• I deputati calabresi del M5S firmano una mozione di Pd e Sel che chiede la revoca del megaimpianto. Nesci (M5S): Restiamo uniti contro il rigassificatore
    29/03/2013 | On. Danila Nesci, Movimento 5 Stelle | Danilanesci.it

    on. dalila nesci, m5s (foto: tropeaedintorni.it)

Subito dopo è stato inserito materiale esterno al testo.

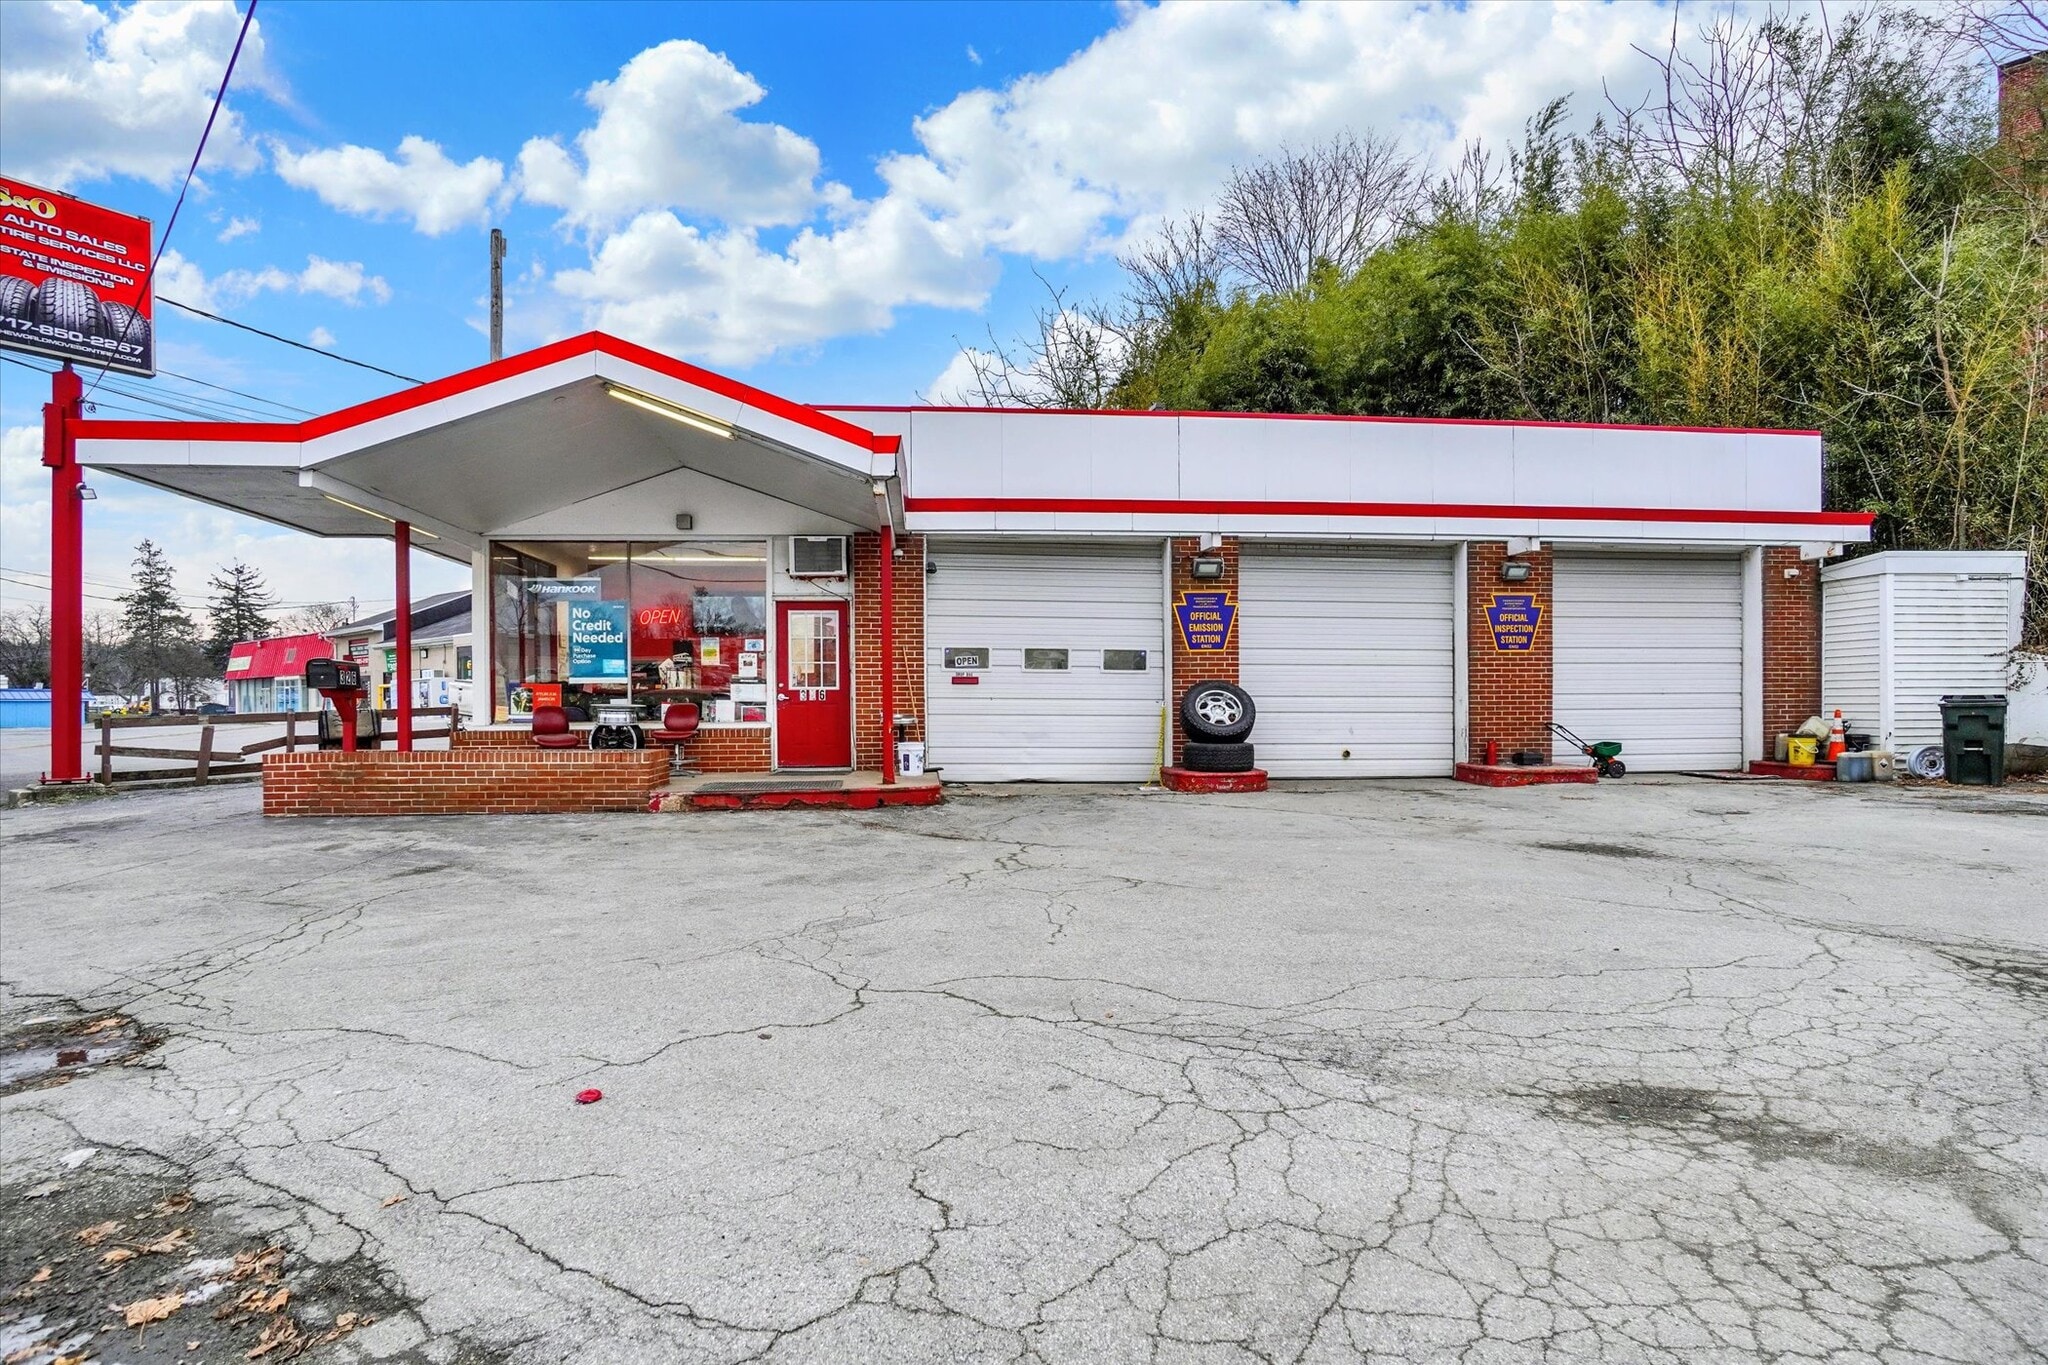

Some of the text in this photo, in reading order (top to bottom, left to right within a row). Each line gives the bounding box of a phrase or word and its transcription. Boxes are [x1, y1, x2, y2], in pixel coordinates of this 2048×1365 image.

[4, 213, 127, 255] AUTO SALES
[0, 225, 146, 272] TIRE SERVICES LLC
[0, 245, 134, 286] STATE INSPECTION
[22, 259, 115, 289] & EMISSIONS
[0, 315, 144, 355] 17-850-2267
[572, 607, 592, 619] No
[639, 608, 682, 625] OPEN
[1190, 611, 1222, 621] OFFICIAL
[1499, 613, 1529, 622] OFFICIAL
[572, 619, 612, 631] Credit
[1188, 623, 1224, 632] EMISSION
[1494, 624, 1534, 633] INSPECTION
[572, 631, 624, 643] Needed
[1191, 634, 1221, 643] STATION
[1500, 635, 1528, 644] STATION
[956, 656, 978, 666] OPEN
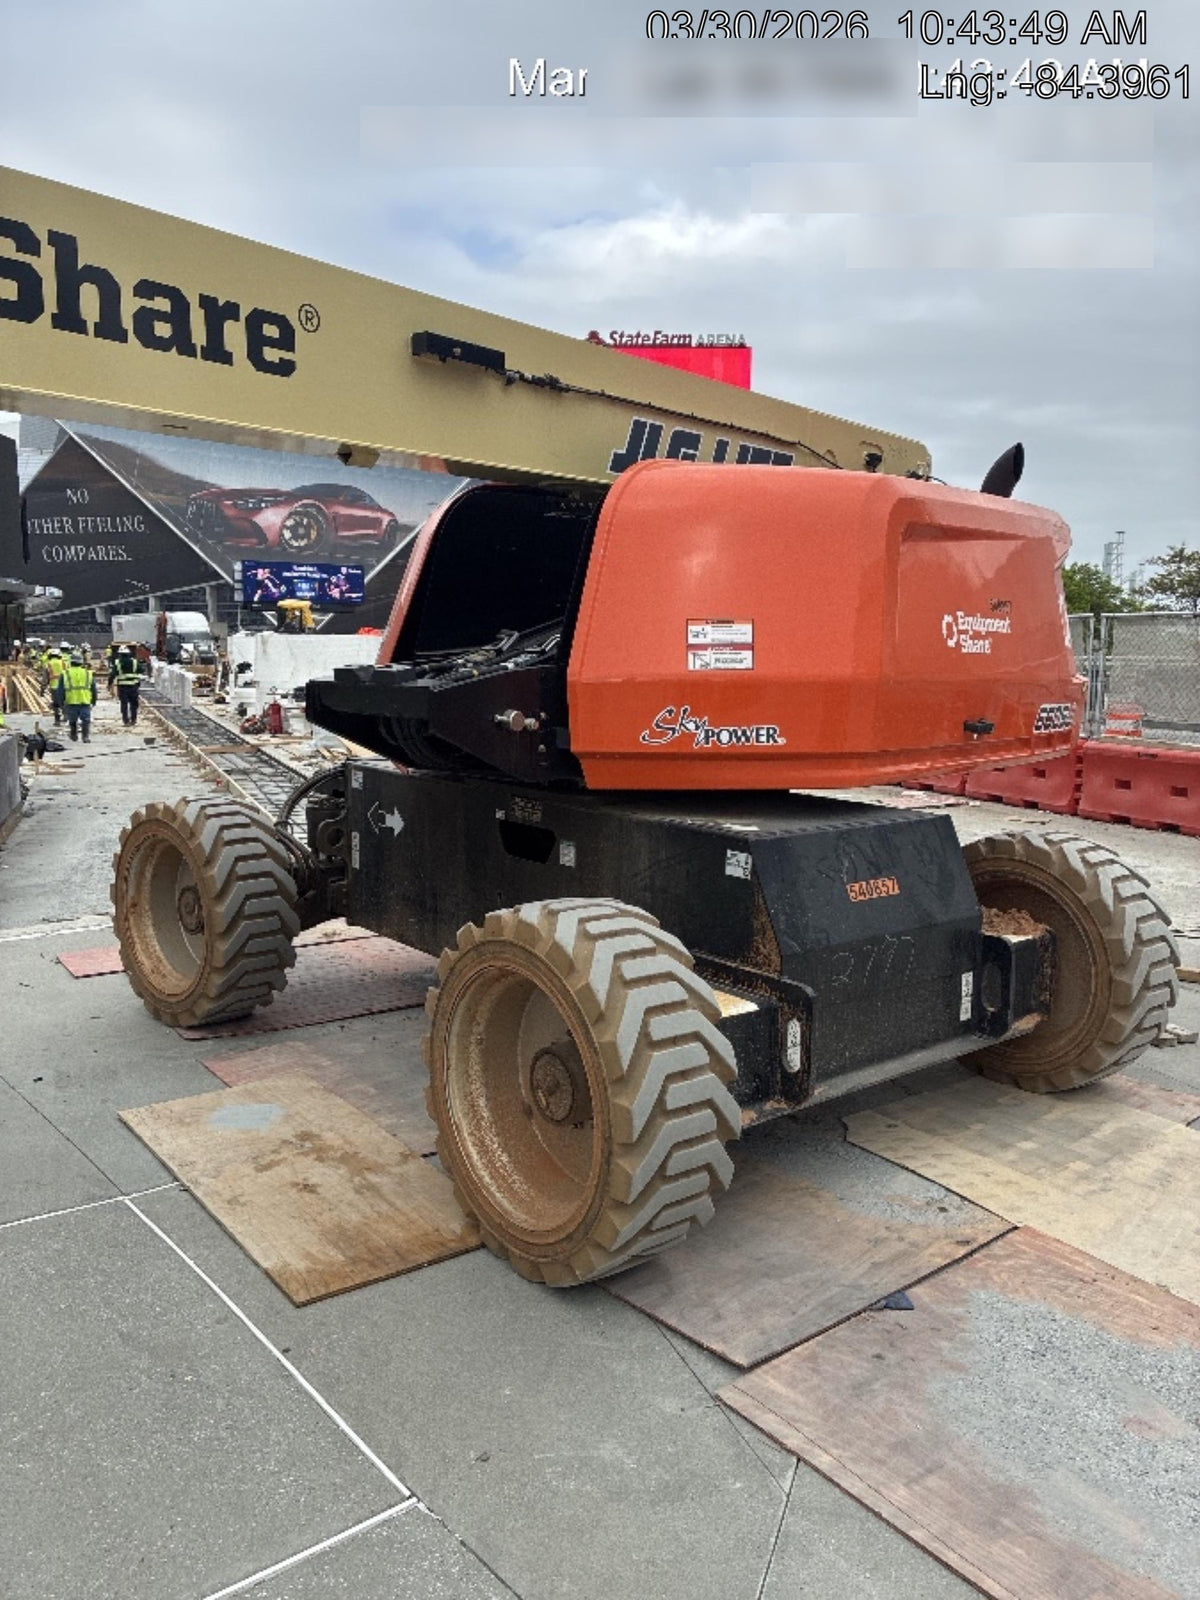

    ROMA – Noi deputati calabresi del Movimento Cinque Stelle abbiamo firmato una mozione, promossa da alcuni colleghi di Sel e Pd, per impegnare il governo ad “invitare con urgenza il Ministero dell’Ambiente a revocare in autotutela le autorizzazioni concesse, riesaminando tutti i pareri acquisiti”, riguardo al rigassificatore di Gioia Tauro (Reggio Calabria). Da sempre coerente sui grandi temi dell’ambiente e dello sviluppo sostenibile, come Movimento Cinque Stelle ci batteremo contro il rigassificatore di Gioia Tauro, auspicando che le altre forze politiche, alcune finora piuttosto silenti, corresponsabili o ambigue, mantengano la massima unità nel tutelare i cittadini, la loro volontà, la salubrità e la salute.

     

    In realtà – precisiamo io e i colleghi Cinque Stelle Federica Dieni, Sebastiano Barbanti e Paolo Parentela – la mozione firmata è semplicemente un primo passaggio, che nella fattispecie chiama in causa il governo, ora in formazione, per avere regole stringenti sulle opere ad alto impatto ambientale come i rigassificatori e per riesaminare il caso dell’impianto di Gioia Tauro. Infatti, la realizzazione di questo rigassificatore ha avuto una brusca accelerazione grazie all’art. 38, comma 1 bis, del Decreto sviluppo 2012, norma per cui il parere del Consiglio superiore dei Lavori Pubblici, nel merito già due volte negativo, oggi è diventato soltanto eventuale. Ciò di fatto consente al proponente Lng Medgas di costruire, nonostante i rilievi e le prescrizioni del Consiglio superiore dei Lavori Pubblici. A questo punto – siamo convinti noi deputati calabresi M5S – occorre essere concreti e, sempre rimanendo vicini alla popolazione, modificare per legge la citata norma del Decreto sviluppo, firmata dal governo Monti. Questa norma, a prescindere dalla bontà dell’opera – peraltro non dimostrata affatto dai sostenitori – non assicura le necessarie garanzie ai cittadini e al territorio, visto che permette di costruire aggirando il parere del predetto Consiglio, organo terzo e tecnico.